YOUR GOAL ▸ Skip the images and return the records below exactly.

INFORMATION SHOWN ▸
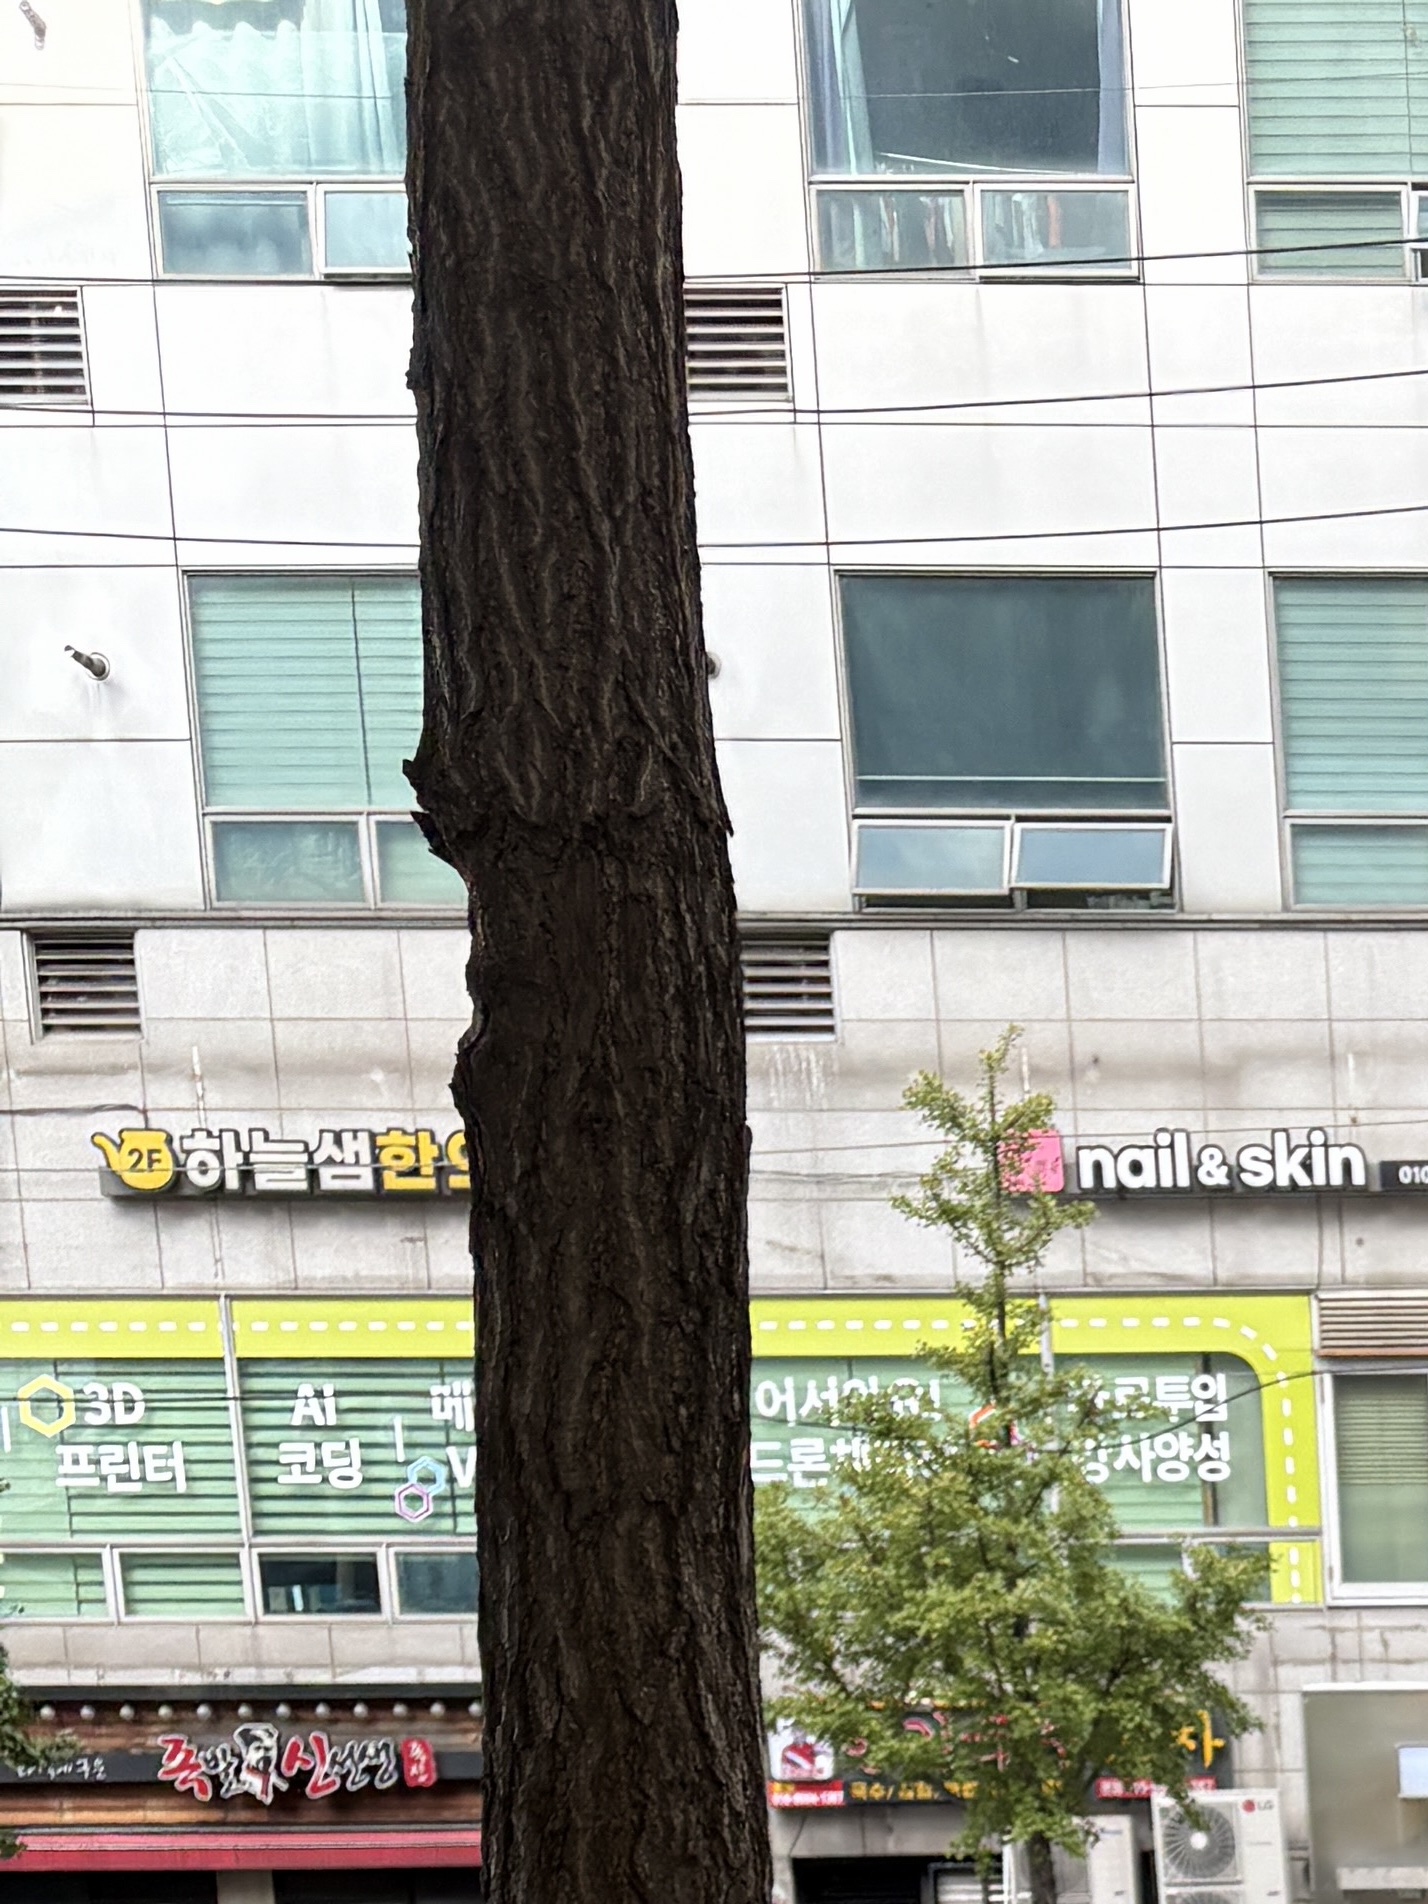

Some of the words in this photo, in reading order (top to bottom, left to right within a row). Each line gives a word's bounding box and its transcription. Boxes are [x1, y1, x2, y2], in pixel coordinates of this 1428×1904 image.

[1077, 1128, 1190, 1188] nail
[1197, 1145, 1231, 1188] &
[1239, 1128, 1366, 1188] skin
[83, 1382, 146, 1425] 3D
[55, 1440, 188, 1493] 프린터
[276, 1437, 364, 1489] 코딩

WRITTEN SOLUTION ▸
Some of the words in this photo, in reading order (top to bottom, left to right within a row). Each line gives a word's bounding box and its transcription. Boxes are [x1, y1, x2, y2], in pixel coordinates of this 1428×1904 image.

[1077, 1128, 1190, 1188] nail
[1197, 1145, 1231, 1188] &
[1239, 1128, 1366, 1188] skin
[83, 1382, 146, 1425] 3D
[55, 1440, 188, 1493] 프린터
[276, 1437, 364, 1489] 코딩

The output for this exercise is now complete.